• _Problem to work on_: In your copy, set down the entries exactly and exclude the pictures.

[Image-backed grounding data]
--- --- ---
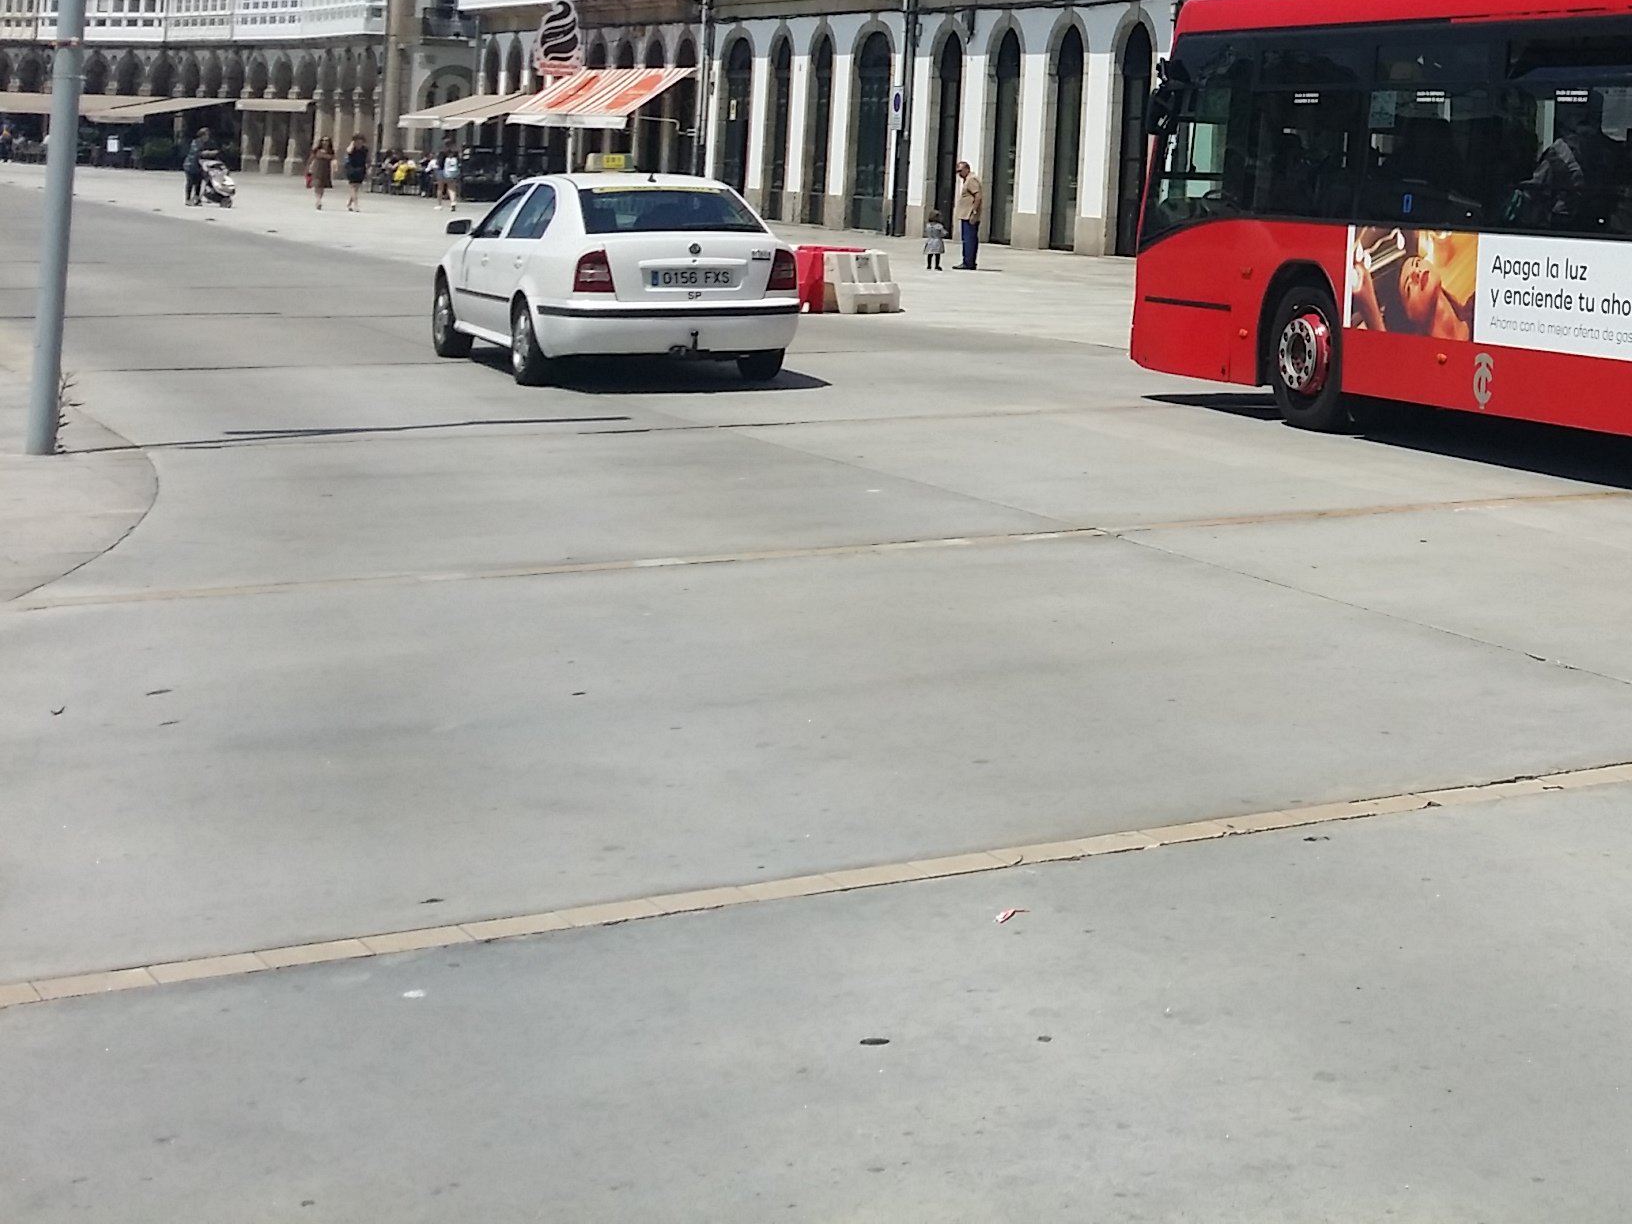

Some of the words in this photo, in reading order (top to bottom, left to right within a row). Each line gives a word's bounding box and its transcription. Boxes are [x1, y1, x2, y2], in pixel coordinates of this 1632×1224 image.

[663, 271, 698, 284] 0156
[704, 271, 730, 284] FXS
[1491, 255, 1540, 281] Apaga
[1546, 256, 1559, 279] la
[1565, 258, 1588, 281] luz
[688, 291, 702, 300] SP
[1490, 287, 1499, 308] y
[1504, 286, 1573, 311] enciende
[1578, 292, 1595, 313] tu
[1520, 321, 1535, 333] con
[1537, 320, 1546, 334] la
[1547, 322, 1571, 339] mejor
[1573, 325, 1600, 340] oferta
[1602, 327, 1614, 342] de
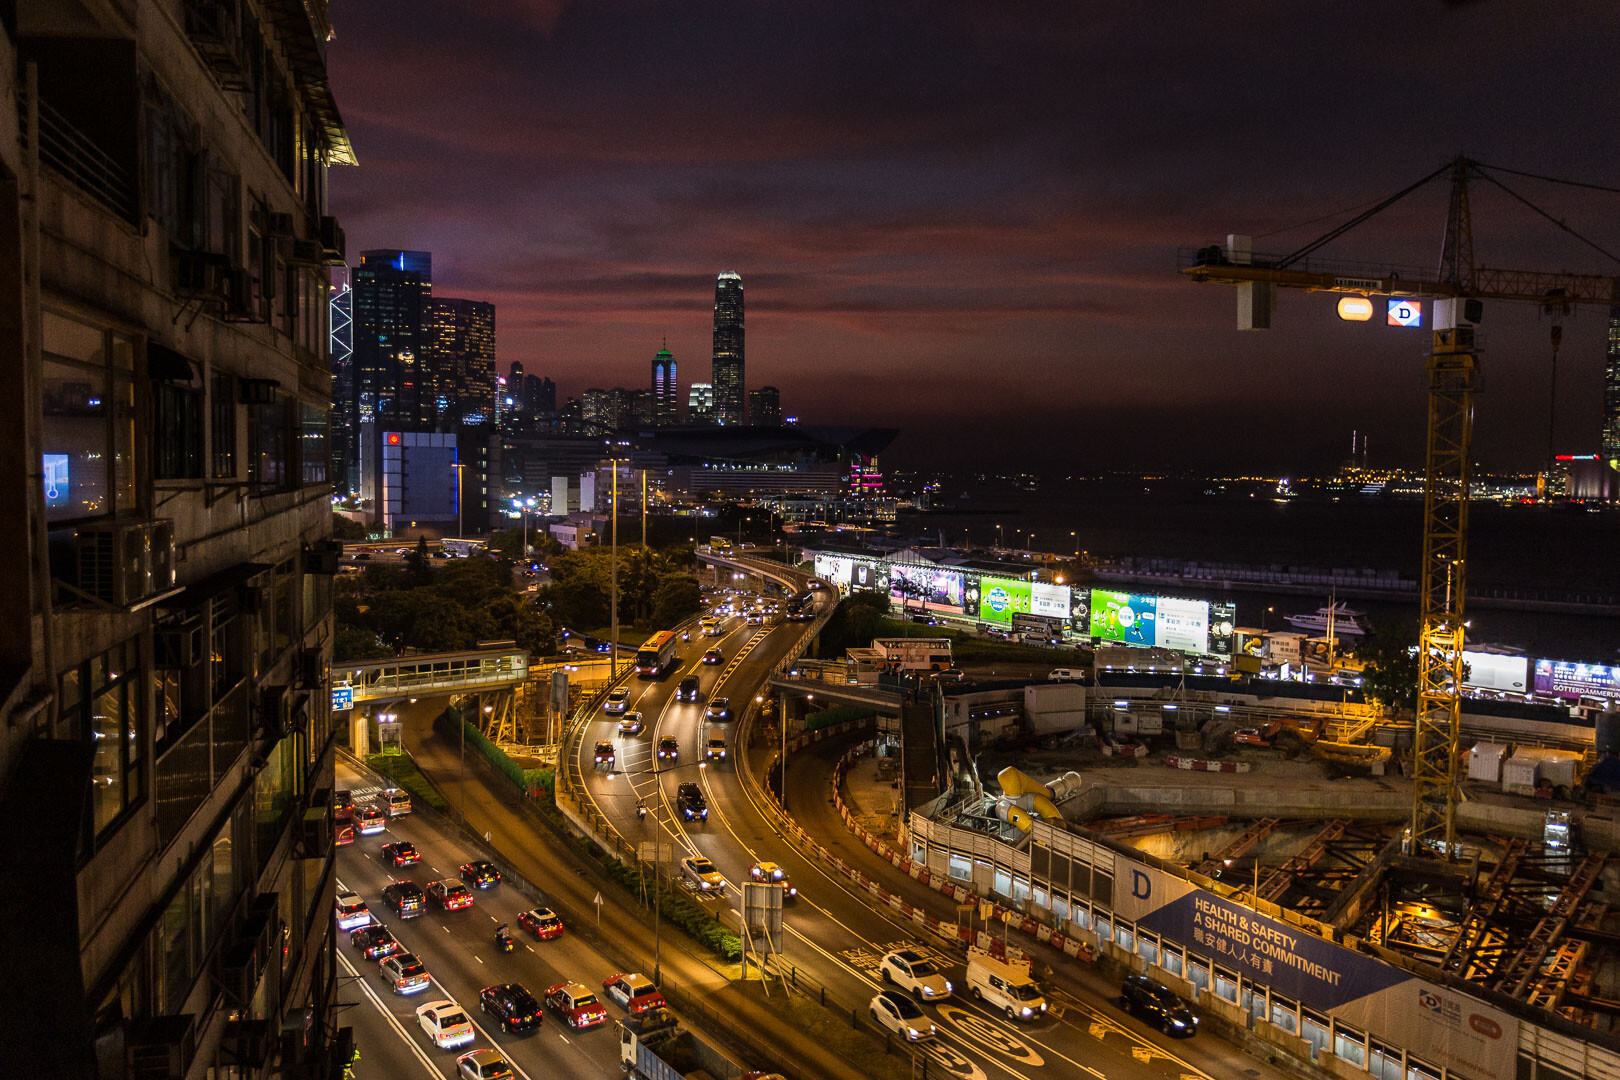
--- --- ---
• _Output_:
Some of the words in this photo, in reading order (top to bottom, left to right within a row). Each line gives a word's bounding box and its transcription. Boxes are [x1, y1, x2, y2], in pixel coordinates of this 1632×1224 image.

[663, 271, 698, 284] 0156
[704, 271, 730, 284] FXS
[1491, 255, 1540, 281] Apaga
[1546, 256, 1559, 279] la
[1565, 258, 1588, 281] luz
[688, 291, 702, 300] SP
[1490, 287, 1499, 308] y
[1504, 286, 1573, 311] enciende
[1578, 292, 1595, 313] tu
[1520, 321, 1535, 333] con
[1537, 320, 1546, 334] la
[1547, 322, 1571, 339] mejor
[1573, 325, 1600, 340] oferta
[1602, 327, 1614, 342] de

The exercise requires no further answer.